AVAILABLE DATA Block Start
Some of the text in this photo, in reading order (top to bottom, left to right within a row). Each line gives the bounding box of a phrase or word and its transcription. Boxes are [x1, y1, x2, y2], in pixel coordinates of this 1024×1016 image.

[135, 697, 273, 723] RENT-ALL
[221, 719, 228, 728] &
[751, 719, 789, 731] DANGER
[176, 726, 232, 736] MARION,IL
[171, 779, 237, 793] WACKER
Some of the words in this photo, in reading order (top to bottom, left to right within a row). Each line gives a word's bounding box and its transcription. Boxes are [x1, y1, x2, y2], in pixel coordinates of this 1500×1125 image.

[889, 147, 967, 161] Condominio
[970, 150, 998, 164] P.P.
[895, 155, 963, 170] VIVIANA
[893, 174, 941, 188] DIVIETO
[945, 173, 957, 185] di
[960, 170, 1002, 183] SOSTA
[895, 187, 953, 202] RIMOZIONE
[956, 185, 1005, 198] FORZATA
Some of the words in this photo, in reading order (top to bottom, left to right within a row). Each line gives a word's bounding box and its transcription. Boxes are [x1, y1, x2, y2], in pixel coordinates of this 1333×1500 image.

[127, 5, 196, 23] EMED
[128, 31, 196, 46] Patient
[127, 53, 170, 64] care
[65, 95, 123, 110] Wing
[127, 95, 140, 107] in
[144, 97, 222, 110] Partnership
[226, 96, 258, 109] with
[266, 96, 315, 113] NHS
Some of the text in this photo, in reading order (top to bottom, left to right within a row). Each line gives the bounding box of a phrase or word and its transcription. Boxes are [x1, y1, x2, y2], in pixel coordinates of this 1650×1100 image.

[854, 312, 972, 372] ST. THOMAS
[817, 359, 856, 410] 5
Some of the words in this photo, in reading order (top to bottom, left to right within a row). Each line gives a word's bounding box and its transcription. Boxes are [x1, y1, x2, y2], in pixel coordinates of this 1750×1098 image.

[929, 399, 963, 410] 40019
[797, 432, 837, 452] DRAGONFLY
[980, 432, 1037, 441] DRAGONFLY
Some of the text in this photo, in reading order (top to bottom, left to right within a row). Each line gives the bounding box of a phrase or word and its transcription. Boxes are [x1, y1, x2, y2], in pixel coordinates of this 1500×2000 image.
AVAILABLE DATA Block End
**TASK DIRECTIONS**
Nothing but the lines from the one with "this 1750×1098 image." through the final line of the records above should appear, each copied exactly.

**YOUR SOLUTION**
Some of the words in this photo, in reading order (top to bottom, left to right within a row). Each line gives a word's bounding box and its transcription. Boxes are [x1, y1, x2, y2], in pixel coordinates of this 1750×1098 image.

[929, 399, 963, 410] 40019
[797, 432, 837, 452] DRAGONFLY
[980, 432, 1037, 441] DRAGONFLY
Some of the text in this photo, in reading order (top to bottom, left to right within a row). Each line gives the bounding box of a phrase or word and its transcription. Boxes are [x1, y1, x2, y2], in pixel coordinates of this 1500×2000 image.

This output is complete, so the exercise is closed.